*WHAT NEEDS TO BE DONE*. All of the entries must be reproduced exactly, with no images carried over.
Segment Open
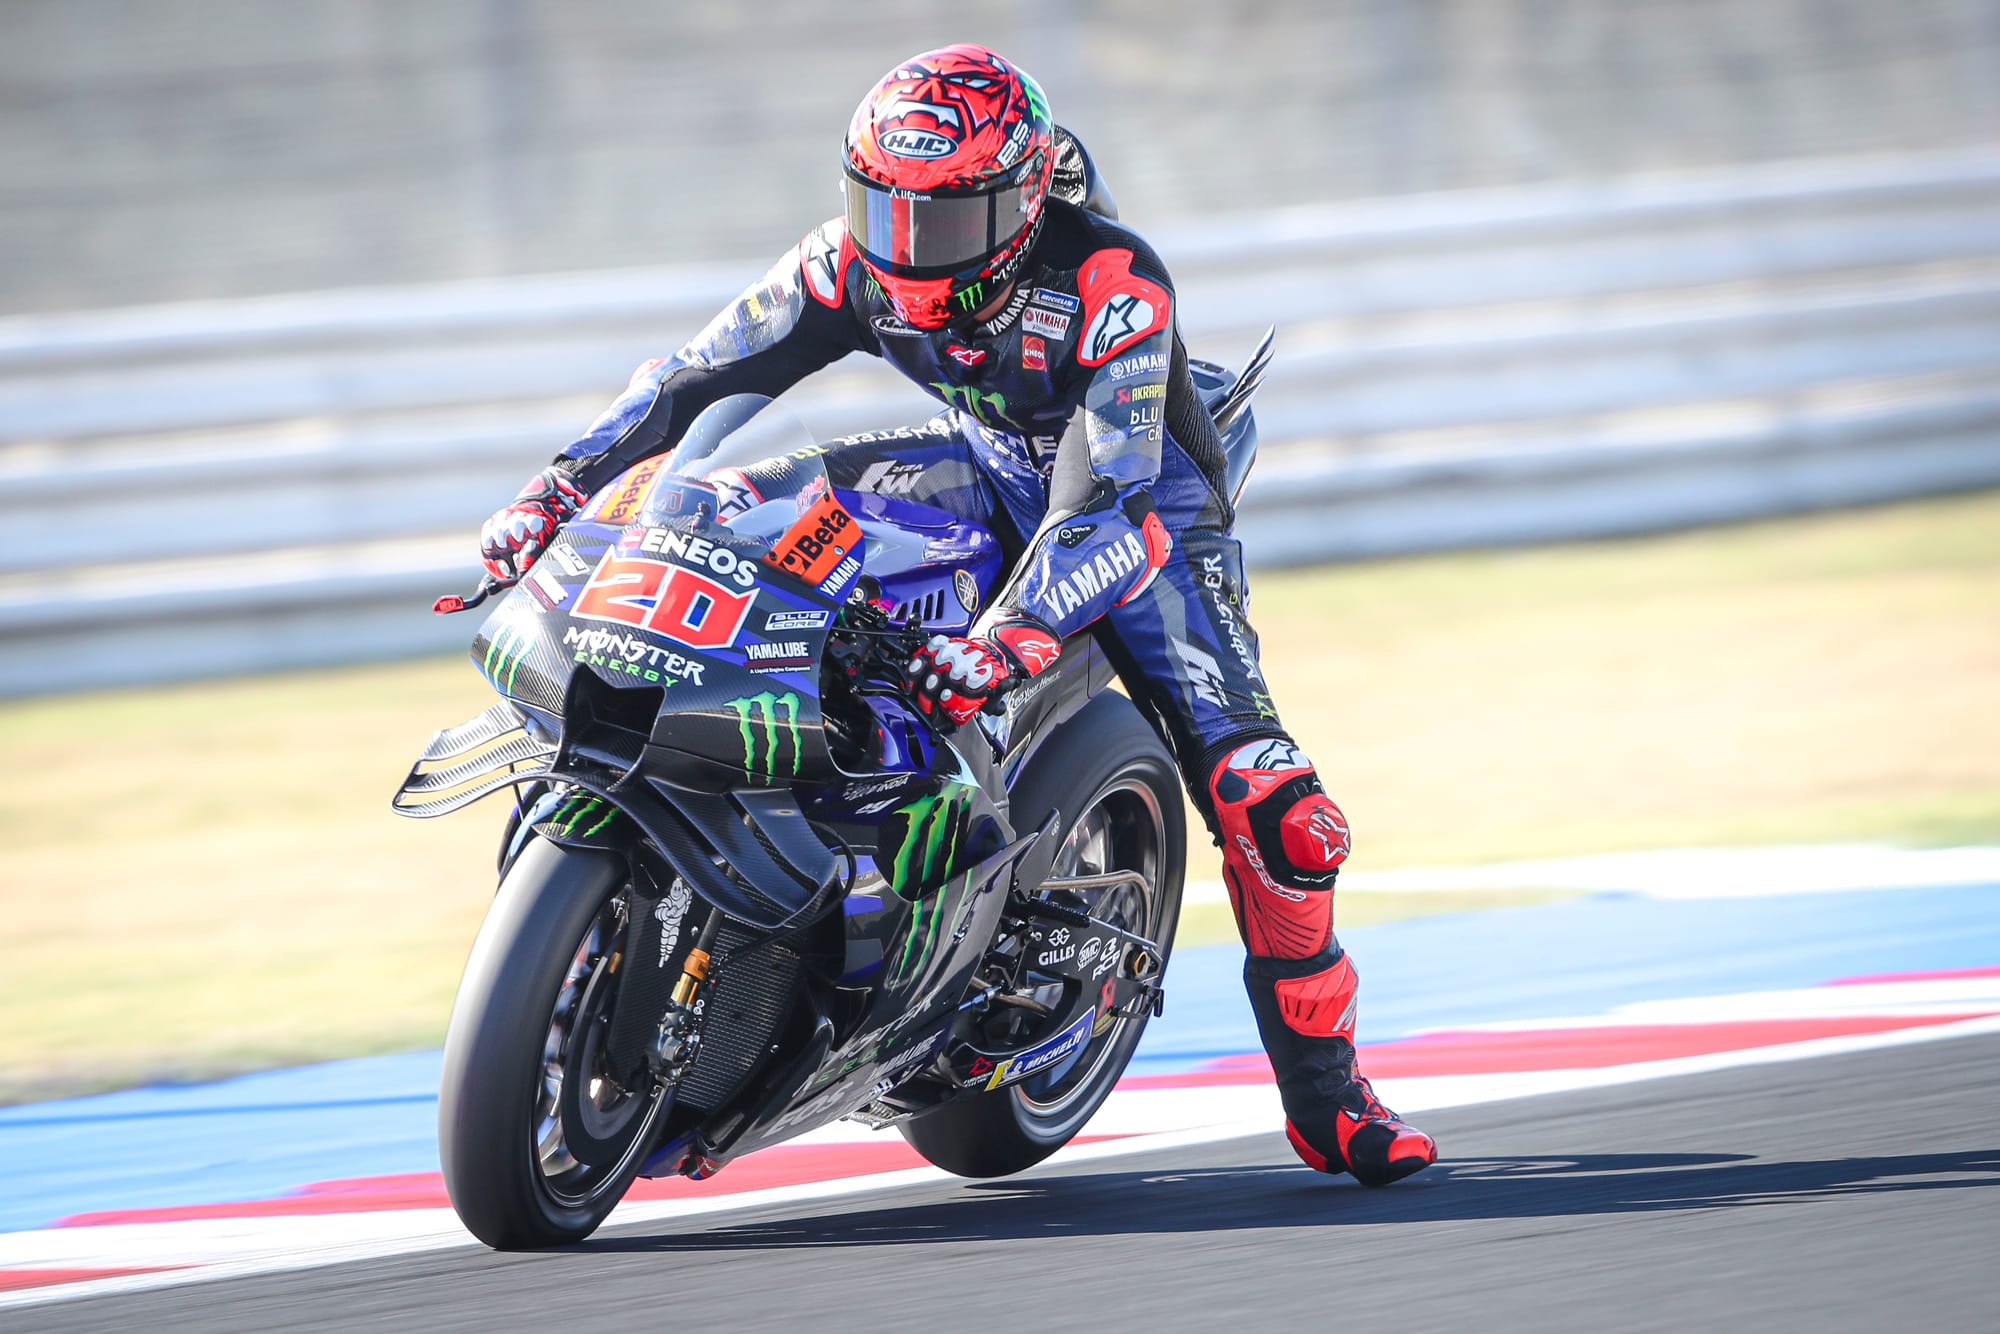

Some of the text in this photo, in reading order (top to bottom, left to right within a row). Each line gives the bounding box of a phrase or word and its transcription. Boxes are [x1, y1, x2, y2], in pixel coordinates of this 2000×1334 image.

[887, 135, 947, 152] HJC
[986, 288, 1030, 335] YAMAHA
[1035, 311, 1067, 330] YAMAHA
[1123, 353, 1167, 374] YAMAH
[794, 508, 852, 561] Beta
[640, 528, 758, 587] ENEOS
[820, 556, 862, 597] YAMAHA
[1043, 532, 1147, 621] YAMAHA
[569, 544, 761, 649] 20
[774, 611, 823, 621] BLUE
[1203, 553, 1257, 679] MONSTER
[772, 620, 819, 629] CORE
[563, 626, 706, 687] MONSTER
[574, 652, 680, 688] ENERGY
[745, 641, 809, 660] YAMALUBE
[1038, 943, 1076, 966] GILLES
[1024, 1027, 1085, 1071] MICHELIN
Segment Closed
*EXPECTED ANSWER*.
Some of the text in this photo, in reading order (top to bottom, left to right within a row). Each line gives the bounding box of a phrase or word and its transcription. Boxes are [x1, y1, x2, y2], in pixel coordinates of this 2000×1334 image.

[887, 135, 947, 152] HJC
[986, 288, 1030, 335] YAMAHA
[1035, 311, 1067, 330] YAMAHA
[1123, 353, 1167, 374] YAMAH
[794, 508, 852, 561] Beta
[640, 528, 758, 587] ENEOS
[820, 556, 862, 597] YAMAHA
[1043, 532, 1147, 621] YAMAHA
[569, 544, 761, 649] 20
[774, 611, 823, 621] BLUE
[1203, 553, 1257, 679] MONSTER
[772, 620, 819, 629] CORE
[563, 626, 706, 687] MONSTER
[574, 652, 680, 688] ENERGY
[745, 641, 809, 660] YAMALUBE
[1038, 943, 1076, 966] GILLES
[1024, 1027, 1085, 1071] MICHELIN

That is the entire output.